You may notice some subtle differences in the insert region - which I'll come back to in a moment.

A major problem for a viewer wanting to do display insert sequences like this with the traditional ungapped reference sequence is before drawing anything, you must inspect all the reads for inserts in order to compute the gapped reference. That could be slow - especially if you want to this for the entire reference sequence for the purposes of showing an overview and both gapped and ungapped coordinates. I'm pretty sure samtools tview only does this insertion scan for the section being viewed, which is sensible as it doesn't attempt to provide an overview - nor track both the gapped and ungapped coordinates.

The next problem is how to place the inserted bases to recover the original multiple sequence alignment, rather than treating the SAM/BAM file as a collection of pairwise alignments? For example, at one insert you might have extra bases AT from one read, but just T from another. This could be treated as a mini-multiple sequence alignment but that gets complicated (and also potentially slow). The viewer Bamino does something along these lines. A much simpler answer is shunt them all to the left, which seems to be what samtools tview does.

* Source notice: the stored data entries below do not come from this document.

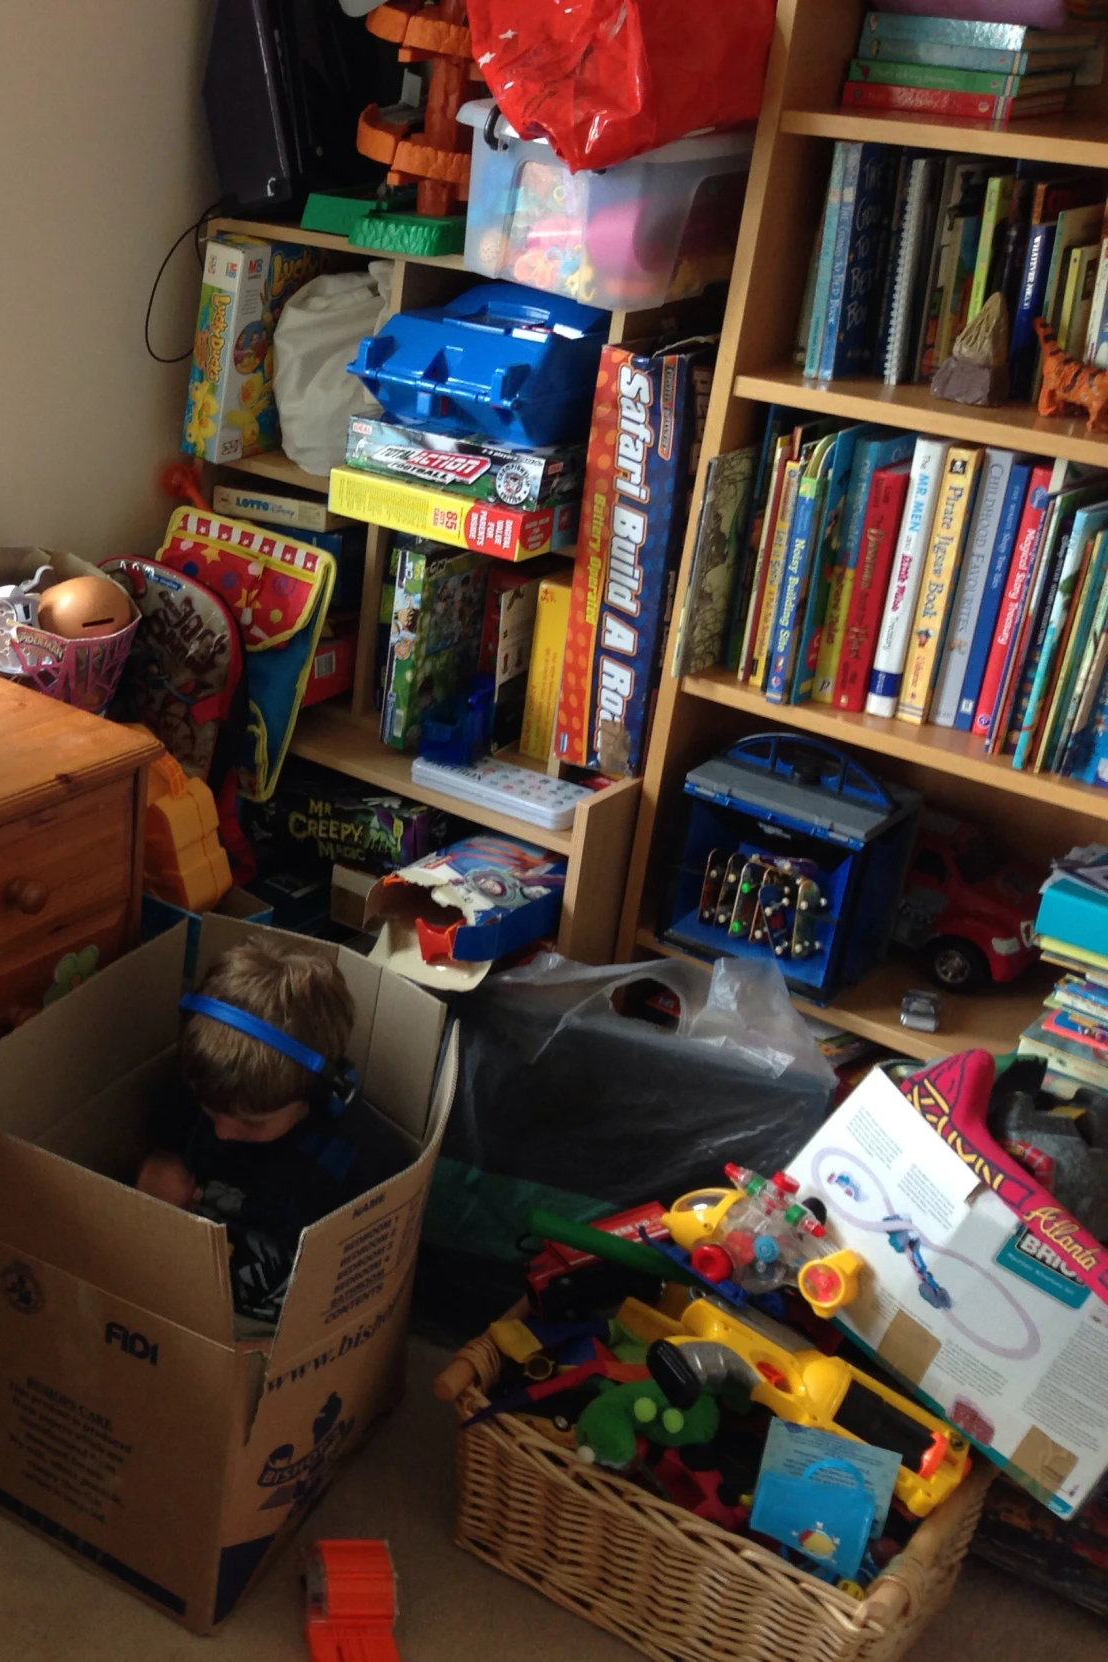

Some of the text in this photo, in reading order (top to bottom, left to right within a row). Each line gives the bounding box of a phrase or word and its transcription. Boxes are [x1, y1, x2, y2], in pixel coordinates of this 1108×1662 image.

[248, 258, 263, 274] MB
[616, 366, 653, 502] Safari
[391, 461, 451, 481] FOOTBALL
[409, 451, 482, 475] ACTION
[920, 455, 931, 471] The
[914, 473, 930, 501] MR.
[236, 496, 270, 513] LOTTO
[444, 510, 458, 531] 85
[909, 502, 924, 533] MEN
[469, 512, 478, 539] INSIDE
[477, 510, 488, 546] PARENTS
[486, 522, 495, 539] FOR
[494, 520, 504, 546] VALUE
[502, 519, 513, 549] DIGITAL
[585, 493, 605, 625] Battery Operated
[606, 505, 647, 616] Build
[788, 538, 806, 575] Noisy
[922, 485, 963, 619] Pirate Jigsaw Book
[958, 463, 1004, 634] CHILDHOOD FAVOURITES
[1018, 528, 1037, 568] Magical
[1007, 569, 1025, 600] Story
[779, 576, 800, 628] Building
[601, 613, 637, 656] A
[777, 629, 790, 653] Site
[997, 602, 1020, 647] Treasury
[308, 798, 333, 816] MR
[288, 812, 364, 842] CREEPY
[317, 839, 367, 863] MAGIC
[352, 1193, 386, 1220] NAME
[339, 1234, 388, 1267] BEDROOM
[342, 1220, 392, 1253] BEDROOM
[1024, 1206, 1100, 1271] Atlanta
[333, 1261, 382, 1294] BEDROOM
[336, 1248, 385, 1281] BEDROOM
[324, 1282, 384, 1325] CONTENTS
[330, 1270, 385, 1308] BATHROOM
[105, 1322, 159, 1366] FIDI

This is where the CIGAR string pad operator P comes in. CIGAR strings are how the SAM/BAM format stores alignment information, and are one of the most complicated bits of the SAM/BAM specification.

Have a look at the first read in the two screenshots above. The first, where tview has done the insert layout itself, uses "AGGT**" while the second image has "*A*GGT" which is described explicitly in the padded reference BAM file (and is consistent with the original assembly output in ACE format). In both cases the reference is six gaps, "******".

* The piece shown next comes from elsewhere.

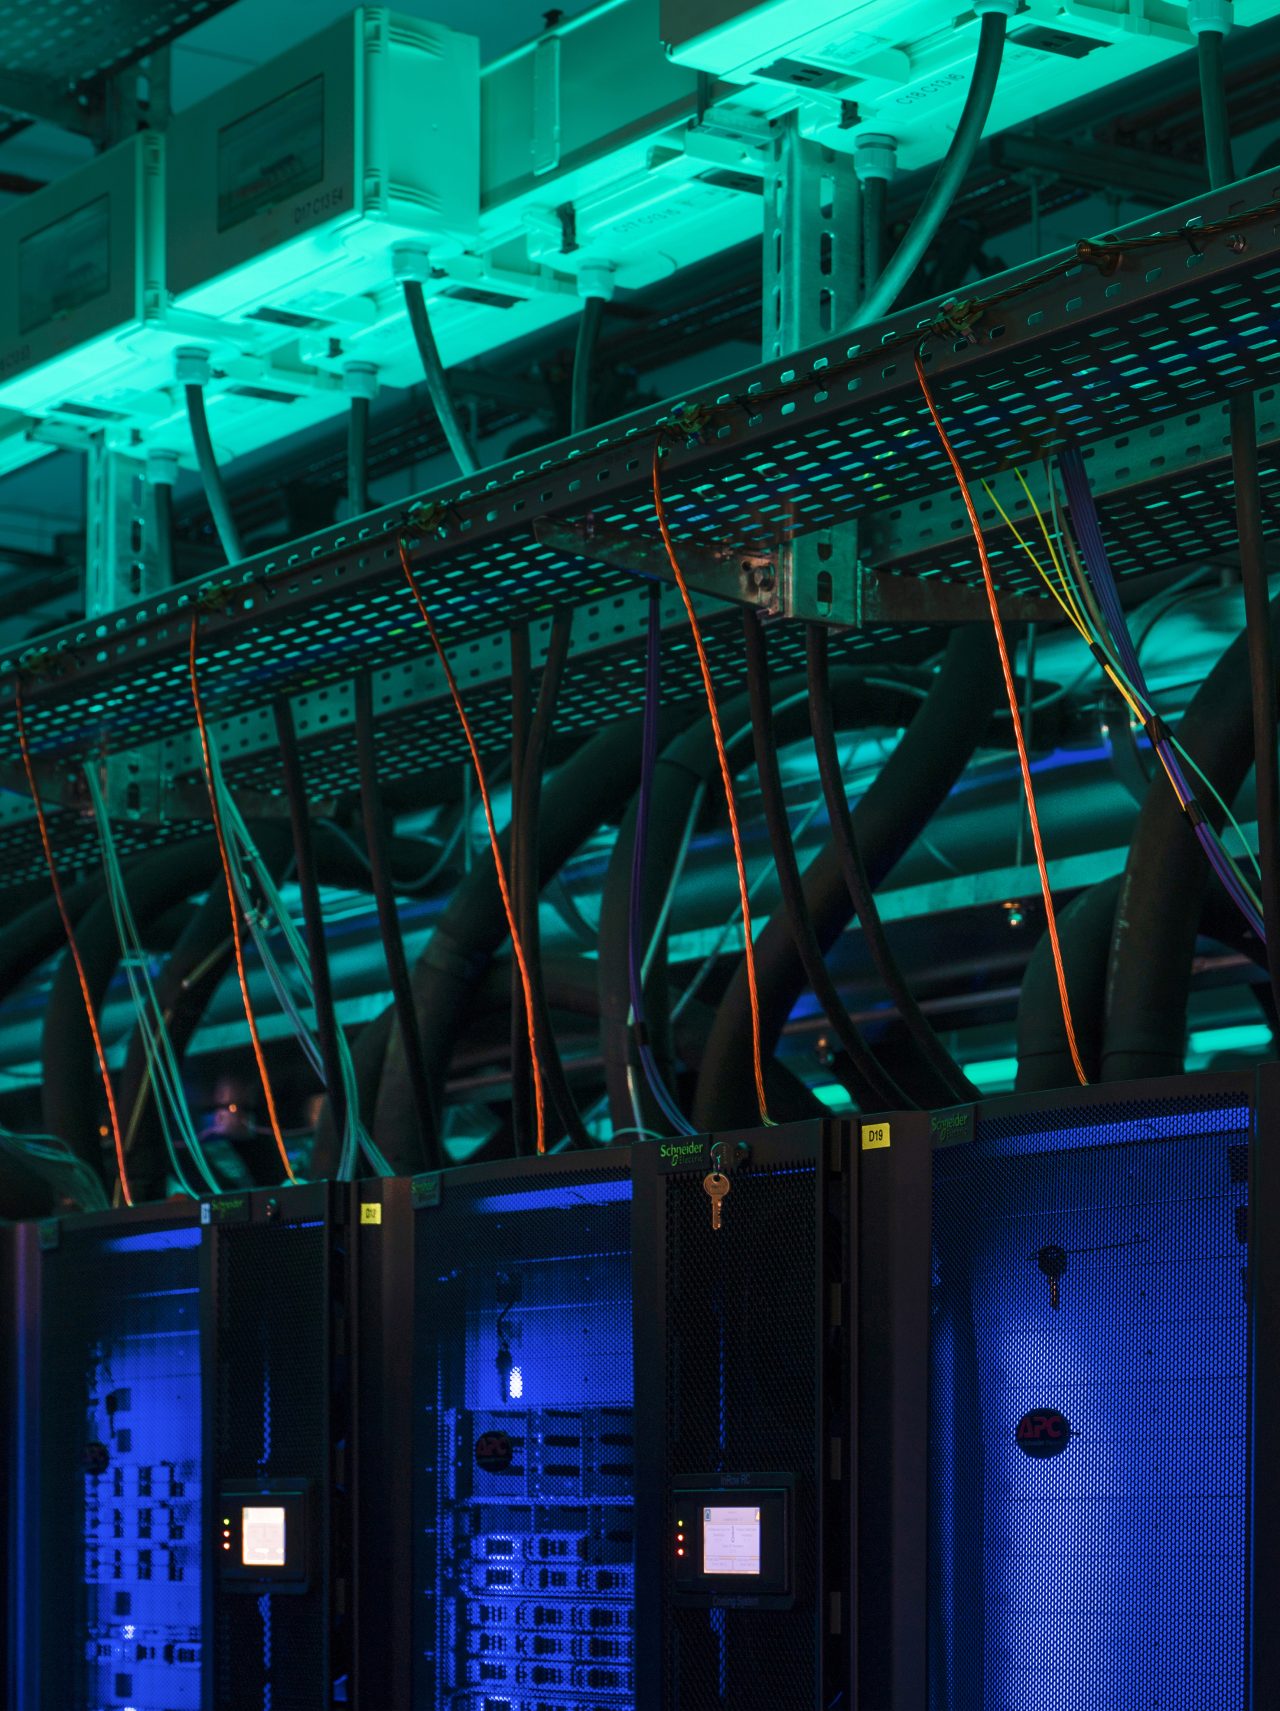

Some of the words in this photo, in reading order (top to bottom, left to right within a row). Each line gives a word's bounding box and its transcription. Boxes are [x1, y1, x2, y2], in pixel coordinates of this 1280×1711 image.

[868, 1129, 883, 1142] D19
[660, 1141, 704, 1157] Schneider
[1017, 1415, 1063, 1440] APC

If you treat the original alignment (as shown in the ACE file) as a pairwise alignment ("------" vs "-A-GGT") and ignore the CIGAR pad operator, you can describe this bit of the alignment with the CIGAR string 4I (four inserts, assuming as conventional an ungapped reference). However, to preserve the multiple sequence alignment's layout you should use 1P1I1P3I (one pad, one insert, one pad, three inserts). This is something that I didn't find immediately obvious on reading the spec.

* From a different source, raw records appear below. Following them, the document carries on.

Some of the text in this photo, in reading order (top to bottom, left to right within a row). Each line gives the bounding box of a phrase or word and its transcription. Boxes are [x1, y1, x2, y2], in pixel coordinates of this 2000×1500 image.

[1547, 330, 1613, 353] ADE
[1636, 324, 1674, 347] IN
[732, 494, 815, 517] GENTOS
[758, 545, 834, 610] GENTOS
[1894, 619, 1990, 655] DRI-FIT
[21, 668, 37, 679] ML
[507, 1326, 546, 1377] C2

So, in principle, if you get a traditional SAM/BAM file with an unpadded reference, but where the CIGAR pad operator has been used properly, it is possible to recover the original padded alignment. But if any of the reads have been processed or lack the P operator, you can't. One example of this is the SRA/ENA ArchiveBAM files which make a number of simplifications/restrictions to save disk space. The ArchiveBAM 1.0 Format Specification says very clearly:

If present the ‘P’ operations will be removed by SRA which effectively converts the multiple alignment into a pair-wise alignment.

So, in general, this means a displaying a traditional SAM/BAM file using an unpadded reference as a padded alignment is hard. This is why I was so excited about using SAM/BAM with a padded reference in my last blog post.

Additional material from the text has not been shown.